One trick to insure the heel of the bullet surely ends up the size it needs to be so the whole bullet ends up being at least the groove diameter of the barrel(the size of the lead bullet can be .001-.002 inch over the groove diameter also) is........to have the mould maker do the best of both worlds and put a hollow base to the bullet. Hollow base that extends thru the bullet till it gets to the front end of the lube groove.

Not a wild overly canaverous hollow base but a hollow base that will let the heel swell to fit the chambers diameter that is the right diameter to match or exceed by .001-.002 inch over the barrel groove diameter. Don't want the powder over flaring the skirt of the hollow base and flaring it so the bullet flies like a frizzbee.

Anywhooooo.....a person can get respectable"energy" from a cap&ball revolver without wrecking the gun. That good ole 777 powder is an energetic powder made fer the alloy barreled modern inline muzzleloader rifles and.....is a bit over the top fer cap&baller revs alloy of cheapy non-ordanance grade steel. A Ruger Old Army can take the strain. A regulat ole cap&baller from Italy will live a short life if it's addicted to 777 powder. The flame that burns the hottest burns the shortest.

I was told by an old timer a long time ago (I'm an old timer now myself) ................Shoot yerself in the gut and tell me if the gun is under powered when using the lowly under pressured black powder. Only a joke and a hypothetical now. Don't really do that. Just imagine what it would feel like getting hit with a pure lead ball or bullet going about 800fps and you can imagine the guns aren't really under powered. That was what the old timer was wantin to get across to me. The cap&ballers aren't really under powered.
Ask some of "The Souls" pushin up daisies ifin they thunked the revolvers that killed them were under powered.

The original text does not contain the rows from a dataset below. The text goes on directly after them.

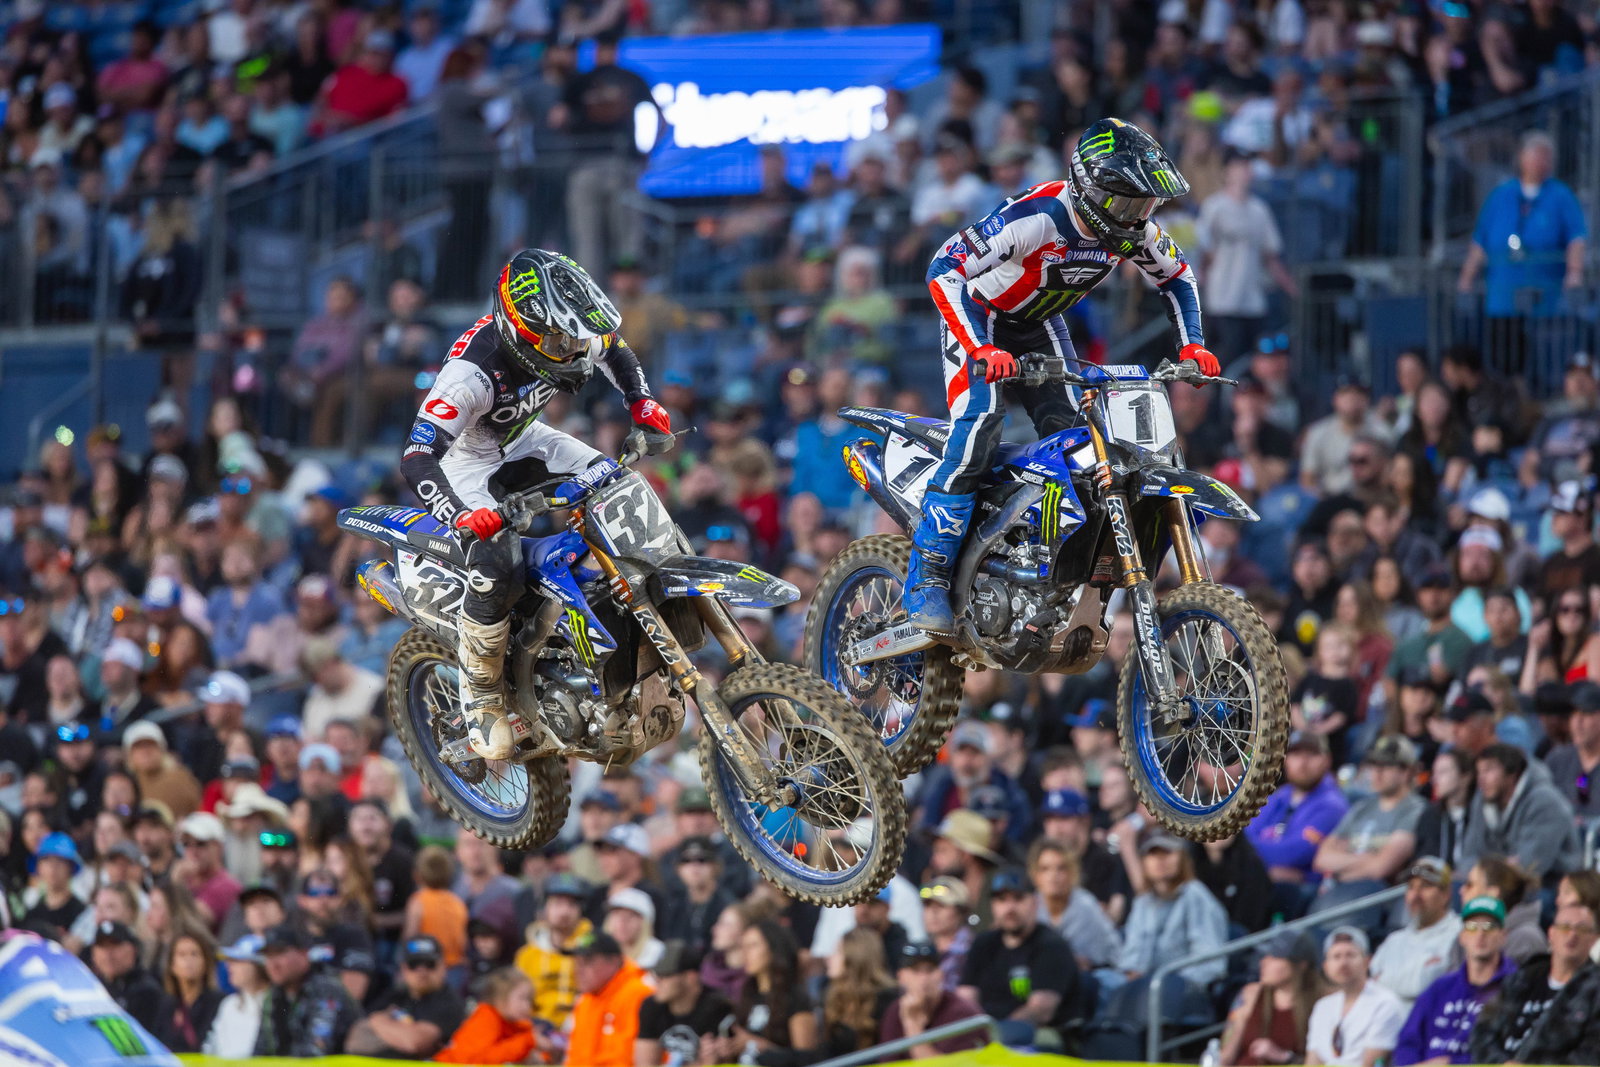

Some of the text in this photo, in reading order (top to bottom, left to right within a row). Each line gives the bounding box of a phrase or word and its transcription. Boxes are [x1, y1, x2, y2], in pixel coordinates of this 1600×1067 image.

[965, 226, 989, 255] YAMALUBE
[1073, 250, 1108, 263] YAMAHA
[501, 282, 526, 331] SCOTT
[1103, 365, 1142, 376] PROTAPER
[844, 409, 881, 421] DUNLOP
[1128, 393, 1157, 444] 1
[889, 456, 938, 494] 1
[1025, 462, 1047, 473] YZ
[344, 517, 385, 533] DUNLOP
[604, 484, 675, 557] 32
[1106, 498, 1134, 556] KYB
[428, 540, 451, 555] YAMAHA
[403, 566, 465, 621] 32
[540, 577, 560, 590] YZ
[1136, 613, 1145, 642] BRAKING
[1140, 601, 1163, 674] DUNLOP

Give up the "energetic" powders like 777 and use something like Pyrodex, black powder, Alliant Black MZ or that Pioneer Powder stuff.

Personally I like the good ole Holy Black in my cap&ballers. I can sicken myself with something like Alliant Black MZ now and then and still live but.....there ain't nothin better than the good ole black Powder fer the cap&ballers. Black is dirty but black is good fer the soul too.

All that being said........ Moral of this story......I thunk the way the mould is right now.....a hollow base put to it coupled with the chambers reamed to .452 would do the trick.

rodwha
04-08-2014, 03:17 PM
I've heard many claim that these pure lead projectiles through these repros with small chambers obturate to fit. I'm not sure about it, but I'm not one to argue about something I know little about. What do any of you know of this? Ultimately you can't go wrong with groove diameter chambers!

This fellow will be reaming my chambers for free. So I don't see that it hurts to give it a try. If it still doesn't work well I'll go back to looking at reaming larger.

I actually do enjoy using Goex Olde Eynsford, but I'm not sure it's any less aggressive than Triple 7. It's been designed to compete with Swiss powders, and from the little testing I've seen they all three give similar velocity when compared volume for volume, much higher than the other powders.

Enyaw
04-09-2014, 12:11 PM
What do any of you know about this? You mean the lead obturation thing?

Well I know a little about it. I've been on the net talking bout cap&ballers fer years. That makes me an expert right? Just joking. The net is full of mis-info.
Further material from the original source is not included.